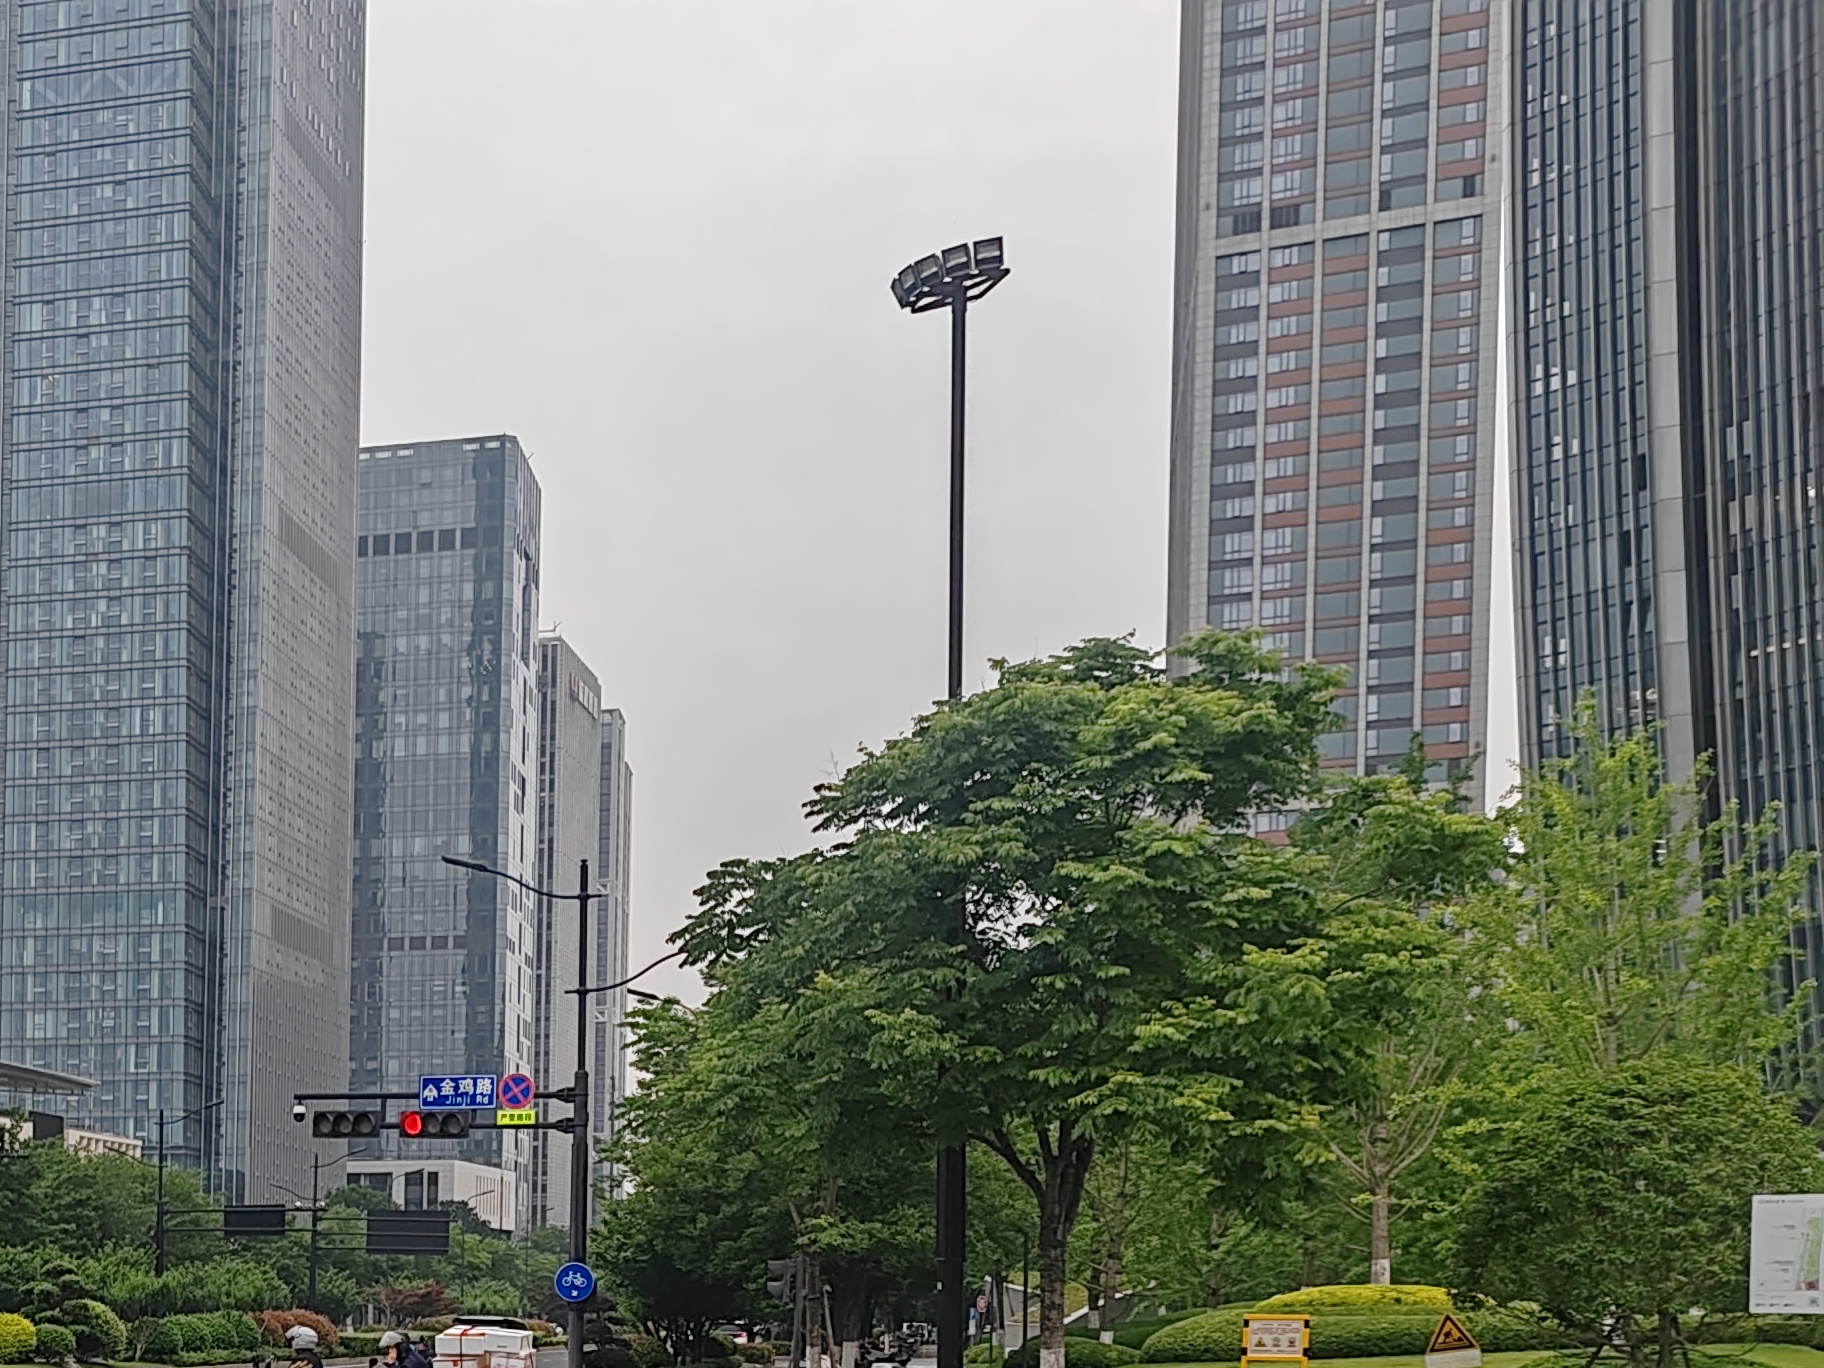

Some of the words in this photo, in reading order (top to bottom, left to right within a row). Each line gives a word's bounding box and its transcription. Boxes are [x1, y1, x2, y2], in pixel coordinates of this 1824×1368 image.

[439, 1078, 492, 1095] 金鸡路
[445, 1094, 471, 1107] Jinji
[476, 1094, 489, 1104] Rd
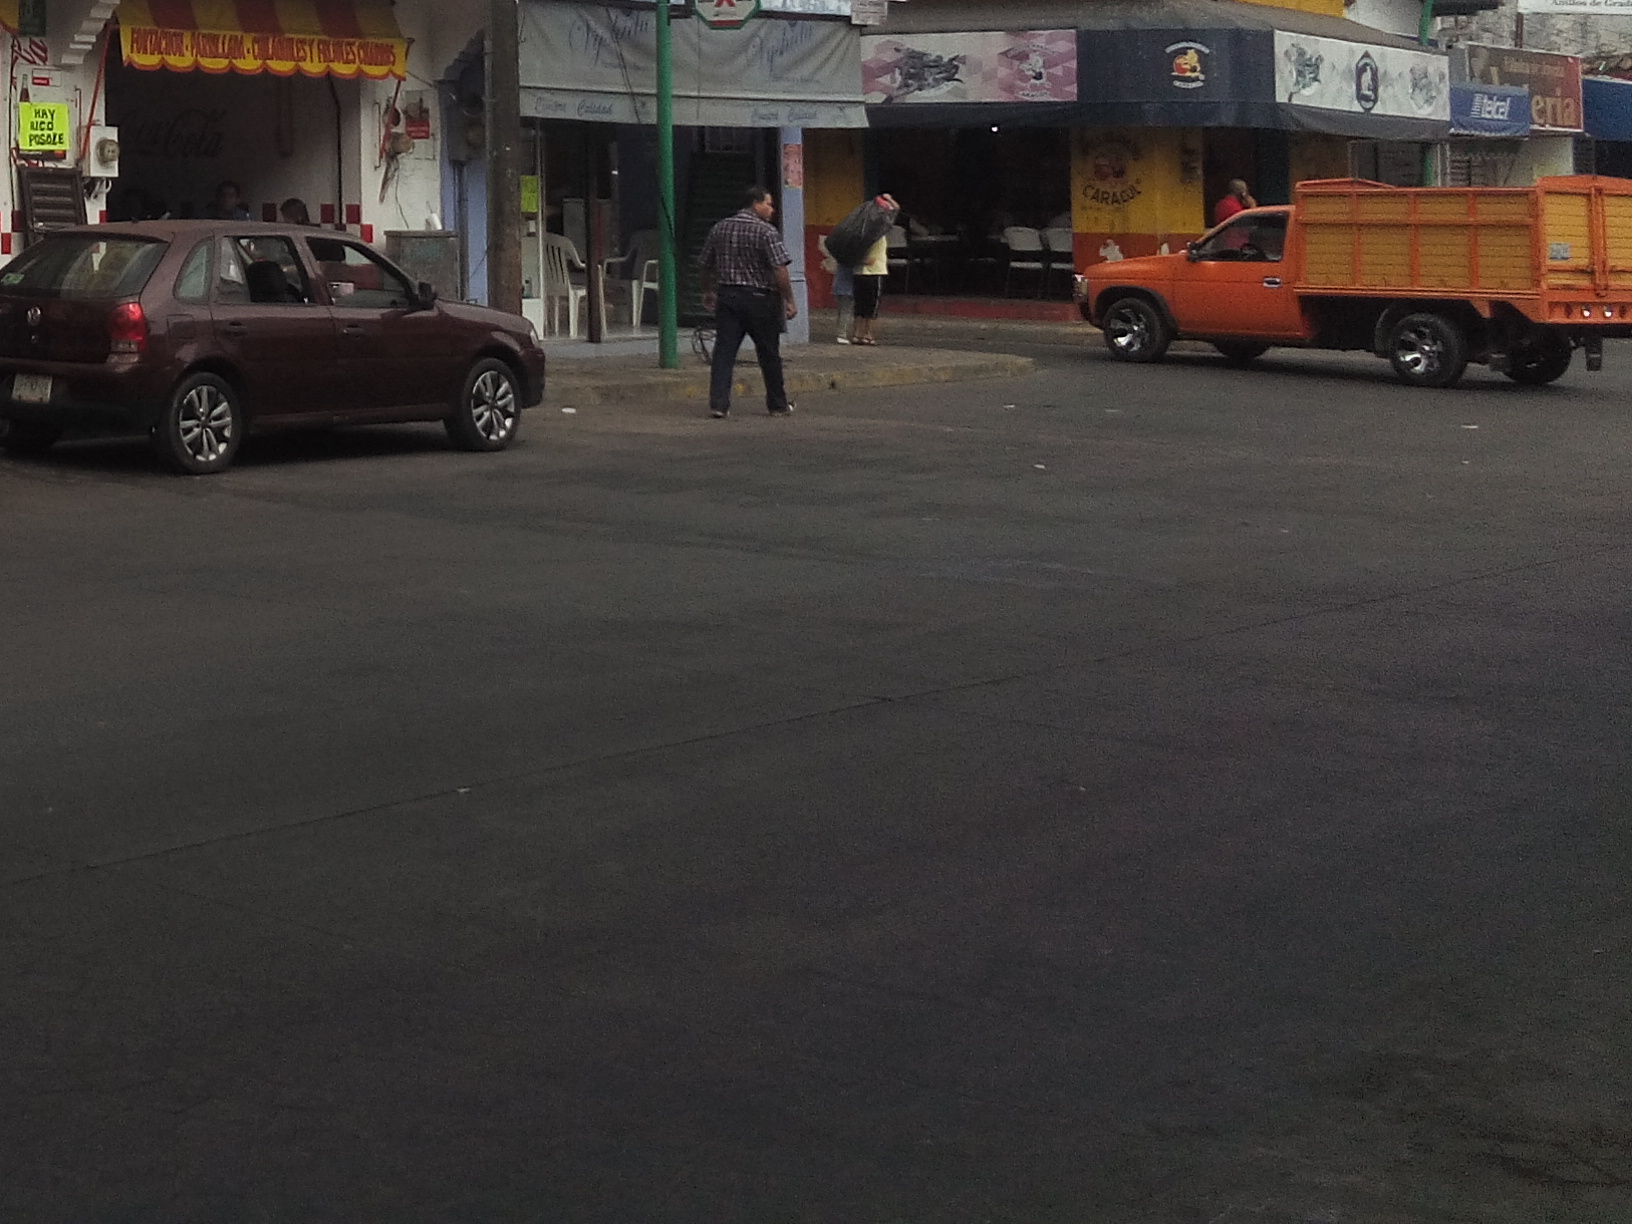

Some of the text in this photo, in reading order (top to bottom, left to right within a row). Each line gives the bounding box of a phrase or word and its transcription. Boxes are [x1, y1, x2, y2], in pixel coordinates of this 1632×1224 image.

[1481, 93, 1511, 121] telcel
[34, 109, 55, 122] HAY
[29, 132, 64, 147] POSOLE

» **About this exercise**
Please print the data above once more, exactly as it appears, with no pictures.

» **Response to this task**
Some of the words in this photo, in reading order (top to bottom, left to right within a row). Each line gives a word's bounding box and its transcription. Boxes are [x1, y1, x2, y2], in pixel coordinates of this 1824×1368 image.

[439, 1078, 492, 1095] 金鸡路
[445, 1094, 471, 1107] Jinji
[476, 1094, 489, 1104] Rd

Some of the text in this photo, in reading order (top to bottom, left to right within a row). Each line gives the bounding box of a phrase or word and its transcription. Boxes are [x1, y1, x2, y2], in pixel coordinates of this 1632×1224 image.

[1481, 93, 1511, 121] telcel
[34, 109, 55, 122] HAY
[29, 132, 64, 147] POSOLE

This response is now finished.